Open GildeshAbhay opened 3 months ago

GildeshAbhay commented 3 months ago

Question Validation

Question

So I have this code here

    node_parser = HierarchicalNodeParser.from_defaults(chunk_sizes=chunk_size)
    nodes = node_parser.get_nodes_from_documents([doc])
    service_context = ServiceContext.from_defaults(llm=llm, embed_model=embed_model,node_parser=node_parser)
    storage_context = StorageContext.from_defaults()
    storage_context.docstore.add_documents(nodes)
    index = VectorStoreIndex(nodes, storage_context=storage_context, service_context=service_context)
    index.storage_context.persist(persist_dir=pathname)
    reranker = SentenceTransformerRerank(top_n = rr_metadata)
    retriever = index.as_retriever(similarity_top_k=retrieval_metadata_similarity)
    retriever = AutoMergingRetriever(retriever,index.storage_context,verbose=True)
    response_mode = 'tree_summarize'
    response_synthesizer = get_response_synthesizer(response_mode=response_mode)
    node_postprocessors = [postproc, reranker]
    node_postprocessors = [processor for processor in node_postprocessors if processor is not None]
    query_engine = RetrieverQueryEngine(retriever, node_postprocessors=node_postprocessors)
    summary_whole = query_engine.query(rag_prompt_original)

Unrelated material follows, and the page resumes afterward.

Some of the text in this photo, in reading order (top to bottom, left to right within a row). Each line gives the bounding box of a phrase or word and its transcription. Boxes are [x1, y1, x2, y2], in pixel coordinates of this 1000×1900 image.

As can be seen, I am using the storage context to store the embeddings in pathname (which is in my local). Now, what to do if I want to replace this local path with mongodb? I found the below code via a tutorial, can you confirm if this is correct?

vector_store = MongoDBAtlasVectorSearch(client, db_name=db, collection_name=collection, index_name="vector_index")
vector_store.add(nodes)
index = VectorStoreIndex.from_vector_store(vector_store)

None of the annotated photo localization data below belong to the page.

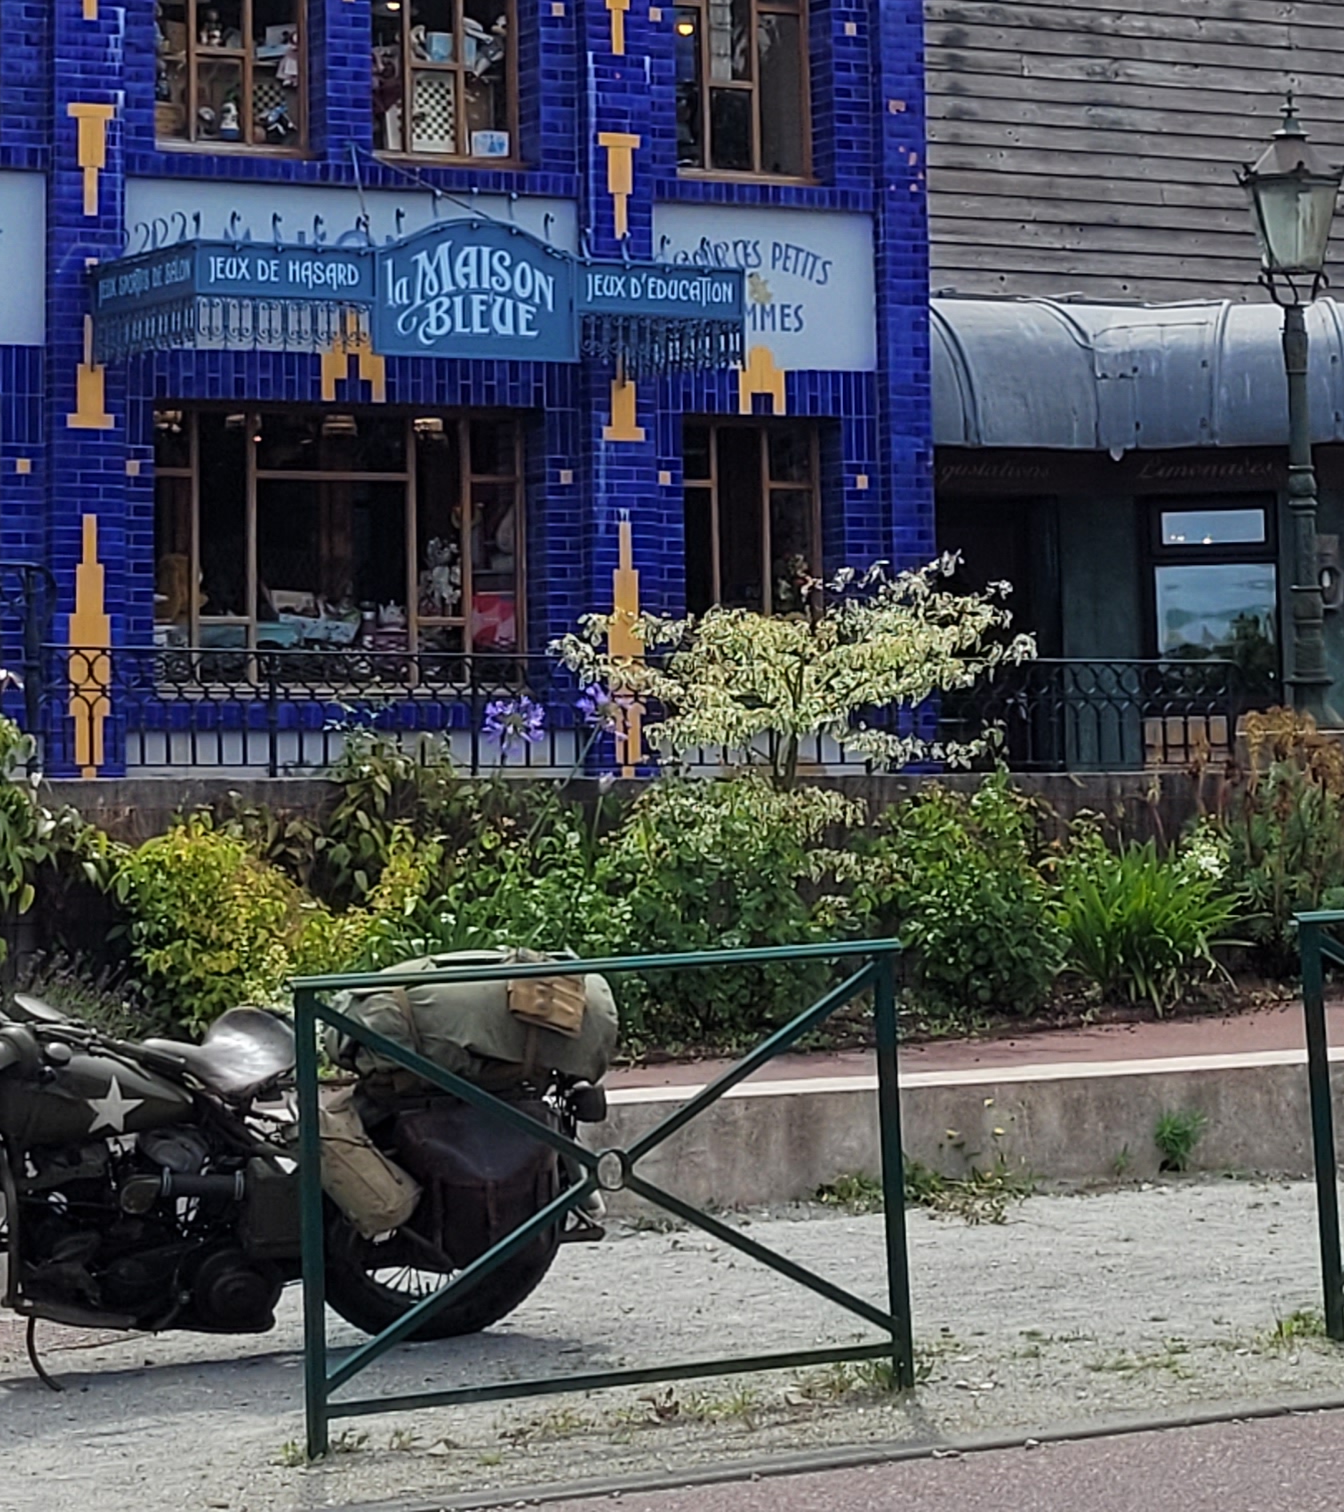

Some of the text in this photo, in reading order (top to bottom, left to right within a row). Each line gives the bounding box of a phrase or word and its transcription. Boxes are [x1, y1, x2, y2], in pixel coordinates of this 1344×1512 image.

[208, 256, 360, 291] JEUX DE HASARD
[404, 240, 555, 320] MAISON
[771, 241, 833, 285] PETITS
[586, 273, 734, 307] JEUX D'EDUCATION
[419, 293, 540, 345] BLEUE

Also, I can't find any replacement of the "persist" in the topmost code in the above code. Somehow, I feel the mongodb code is just reading the indexes that are already saved in the mongodb.

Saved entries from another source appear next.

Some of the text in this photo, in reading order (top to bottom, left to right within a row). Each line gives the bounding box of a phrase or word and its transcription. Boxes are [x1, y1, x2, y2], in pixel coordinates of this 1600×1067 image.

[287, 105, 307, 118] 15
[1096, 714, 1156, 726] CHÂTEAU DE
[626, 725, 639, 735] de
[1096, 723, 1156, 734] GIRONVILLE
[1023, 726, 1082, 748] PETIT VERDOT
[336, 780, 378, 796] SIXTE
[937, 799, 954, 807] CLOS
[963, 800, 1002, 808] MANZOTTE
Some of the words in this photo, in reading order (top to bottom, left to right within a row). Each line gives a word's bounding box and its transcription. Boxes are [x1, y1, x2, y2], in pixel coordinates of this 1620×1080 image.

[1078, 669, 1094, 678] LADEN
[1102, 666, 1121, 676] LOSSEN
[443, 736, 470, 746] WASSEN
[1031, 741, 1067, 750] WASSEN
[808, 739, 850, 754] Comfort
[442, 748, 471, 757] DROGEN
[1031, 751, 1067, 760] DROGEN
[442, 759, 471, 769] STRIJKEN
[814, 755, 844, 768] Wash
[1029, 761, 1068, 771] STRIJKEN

Can someone tell me how to save my embeddings to mongodb while creating them for the first time, and then reading it from mongodb the next time?

dosubot[bot] commented 3 months ago

Hey @GildeshAbhay! Great to see you diving into another interesting challenge. How's everything going on your end?

Based on your current setup and the need to replace local storage with MongoDB, you can follow the steps below to implement MongoDB storage for your embeddings:

  1. Install Required Packages: Make sure you have installed all necessary packages, including pymongo for MongoDB interaction, and llama-index-vector-stores-mongodb for integrating MongoDB with Llama Index.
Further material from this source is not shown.